Activity:
Repeat each entry exactly; omit all pictures.

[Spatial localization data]
=== Begin Enclosure ===

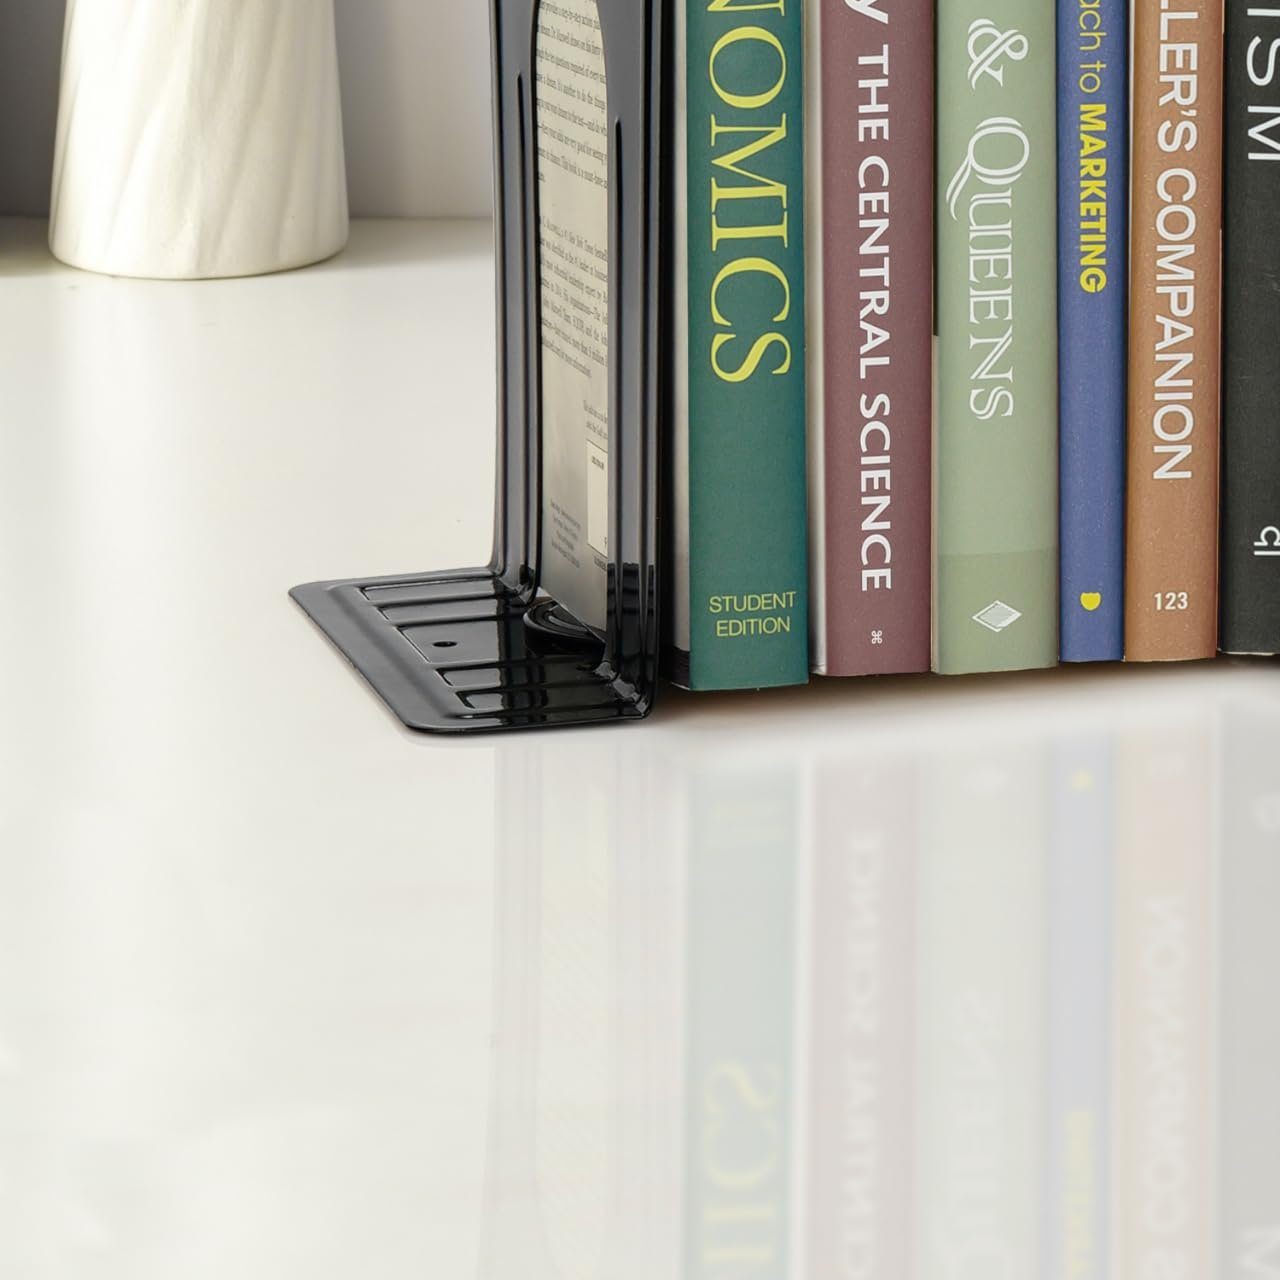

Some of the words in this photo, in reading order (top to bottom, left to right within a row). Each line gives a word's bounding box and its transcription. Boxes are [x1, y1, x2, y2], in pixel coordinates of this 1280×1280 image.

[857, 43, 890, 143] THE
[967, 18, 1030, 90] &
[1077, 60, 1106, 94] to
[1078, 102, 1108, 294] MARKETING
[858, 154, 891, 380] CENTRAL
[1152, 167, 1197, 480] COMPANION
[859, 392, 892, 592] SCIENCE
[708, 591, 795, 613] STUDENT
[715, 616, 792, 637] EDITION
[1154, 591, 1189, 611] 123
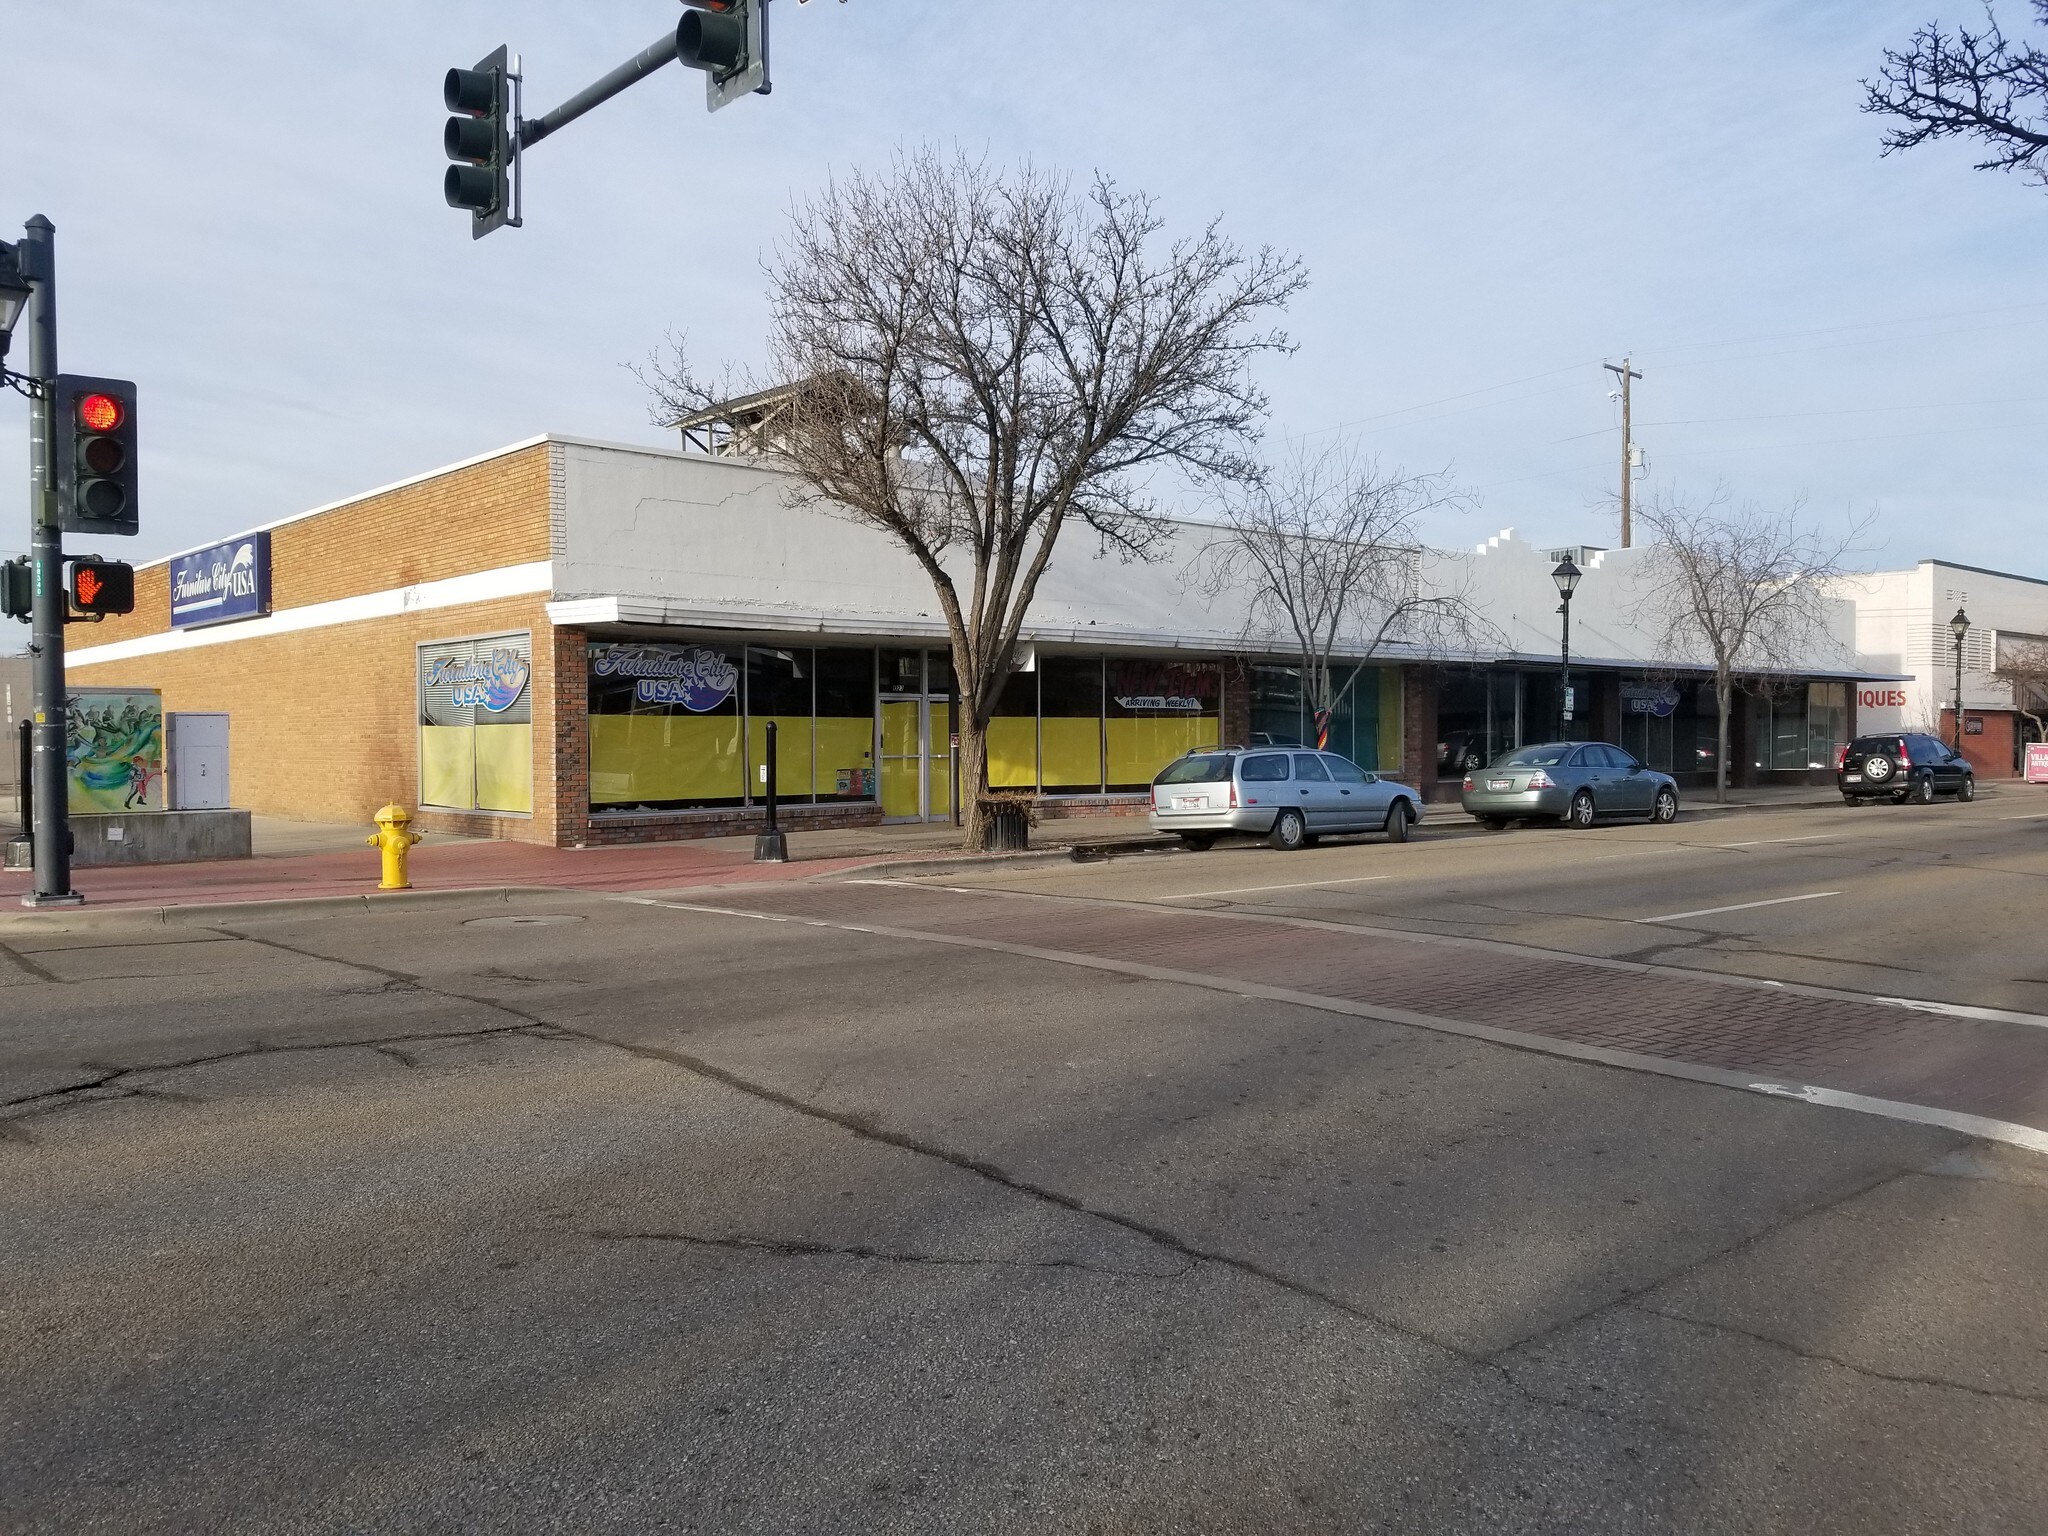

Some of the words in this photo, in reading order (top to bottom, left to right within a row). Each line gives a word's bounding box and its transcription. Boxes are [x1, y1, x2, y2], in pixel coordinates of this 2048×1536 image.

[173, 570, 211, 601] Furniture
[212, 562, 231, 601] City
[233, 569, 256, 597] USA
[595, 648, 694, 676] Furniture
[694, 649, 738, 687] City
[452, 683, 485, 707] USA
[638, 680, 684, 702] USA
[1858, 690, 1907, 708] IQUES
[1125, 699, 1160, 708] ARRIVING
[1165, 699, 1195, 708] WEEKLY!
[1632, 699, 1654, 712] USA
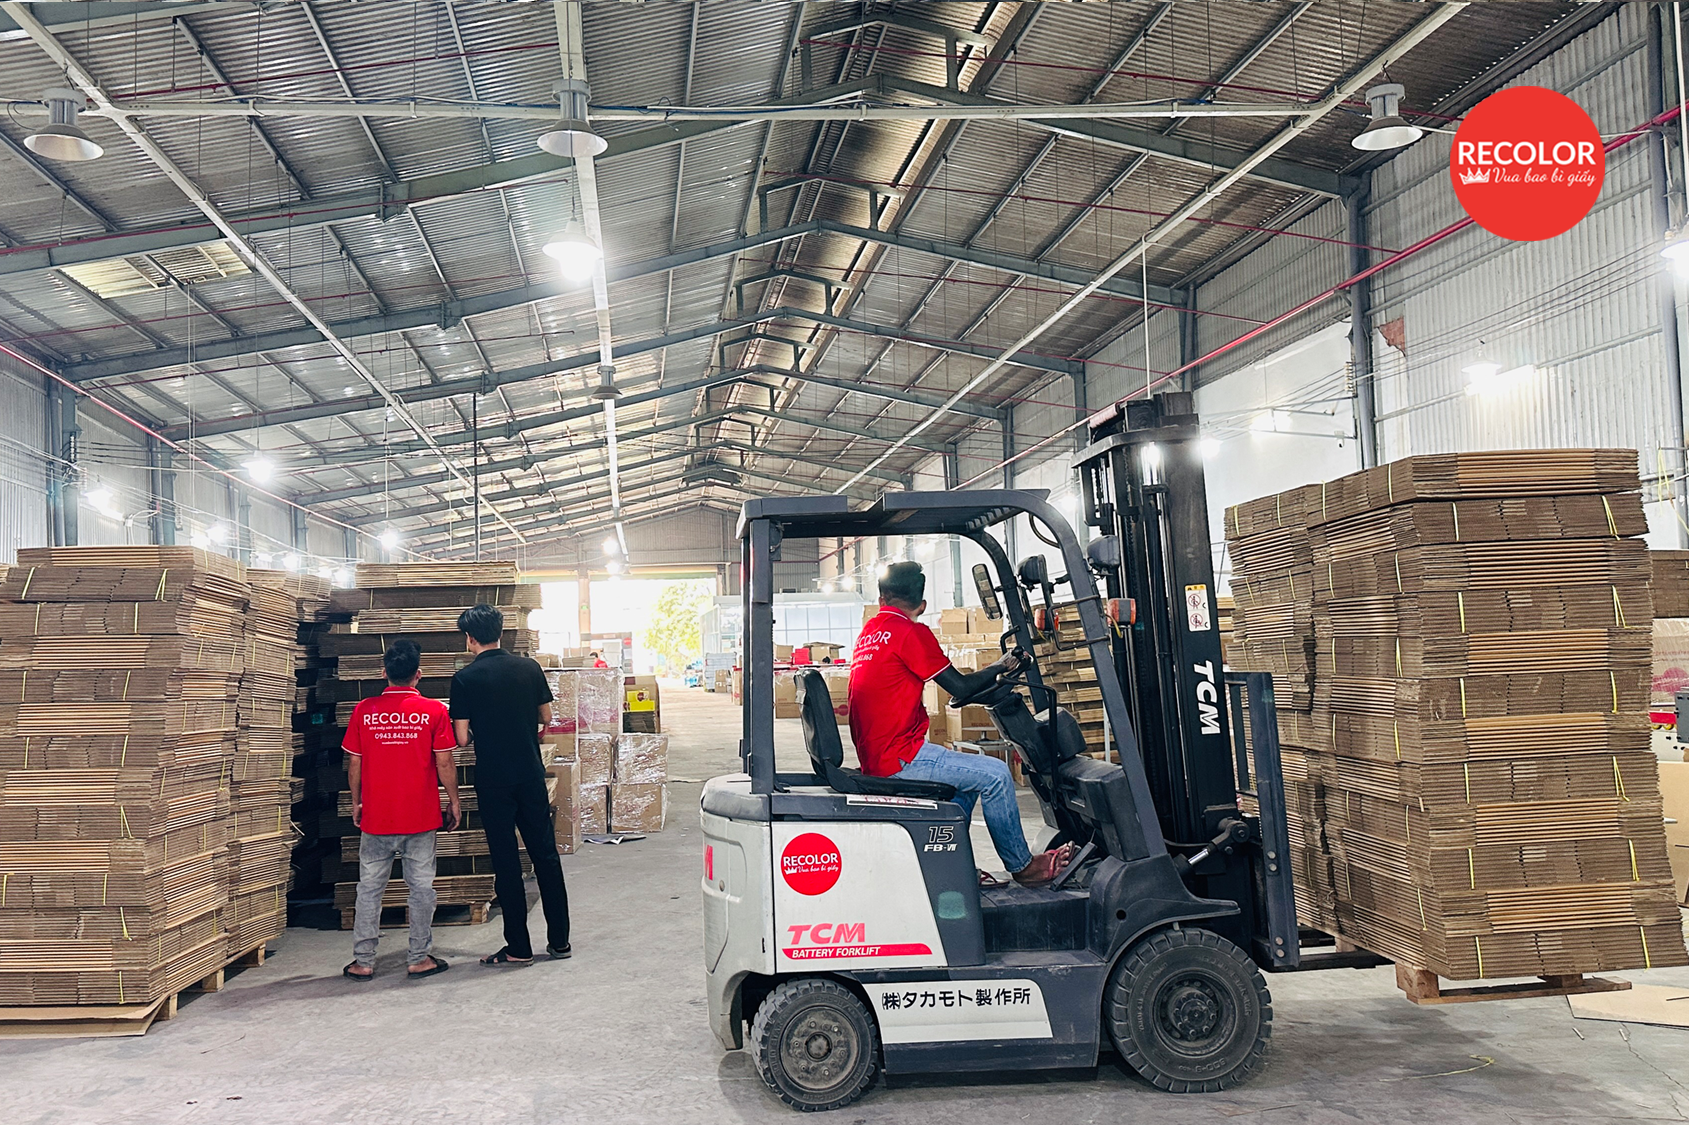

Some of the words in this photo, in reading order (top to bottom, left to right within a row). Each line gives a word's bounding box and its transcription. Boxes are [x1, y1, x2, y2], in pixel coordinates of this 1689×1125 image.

=== End Enclosure ===

Exercise response:
Some of the words in this photo, in reading order (top to bottom, left to right within a row). Each line gives a word's bounding box and its transcription. Boxes are [x1, y1, x2, y2], in pixel coordinates of this 1280×1280 image.

[857, 43, 890, 143] THE
[967, 18, 1030, 90] &
[1077, 60, 1106, 94] to
[1078, 102, 1108, 294] MARKETING
[858, 154, 891, 380] CENTRAL
[1152, 167, 1197, 480] COMPANION
[859, 392, 892, 592] SCIENCE
[708, 591, 795, 613] STUDENT
[715, 616, 792, 637] EDITION
[1154, 591, 1189, 611] 123

Some of the words in this photo, in reading order (top to bottom, left to right within a row). Each line gives a word's bounding box and its transcription. Boxes are [x1, y1, x2, y2], in pixel coordinates of this 2048×1536 image.

[173, 570, 211, 601] Furniture
[212, 562, 231, 601] City
[233, 569, 256, 597] USA
[595, 648, 694, 676] Furniture
[694, 649, 738, 687] City
[452, 683, 485, 707] USA
[638, 680, 684, 702] USA
[1858, 690, 1907, 708] IQUES
[1125, 699, 1160, 708] ARRIVING
[1165, 699, 1195, 708] WEEKLY!
[1632, 699, 1654, 712] USA

Some of the words in this photo, in reading order (top to bottom, left to right within a row). Each line gives a word's bounding box and its transcription. Boxes are [x1, y1, x2, y2], in pixel coordinates of this 1689×1125 image.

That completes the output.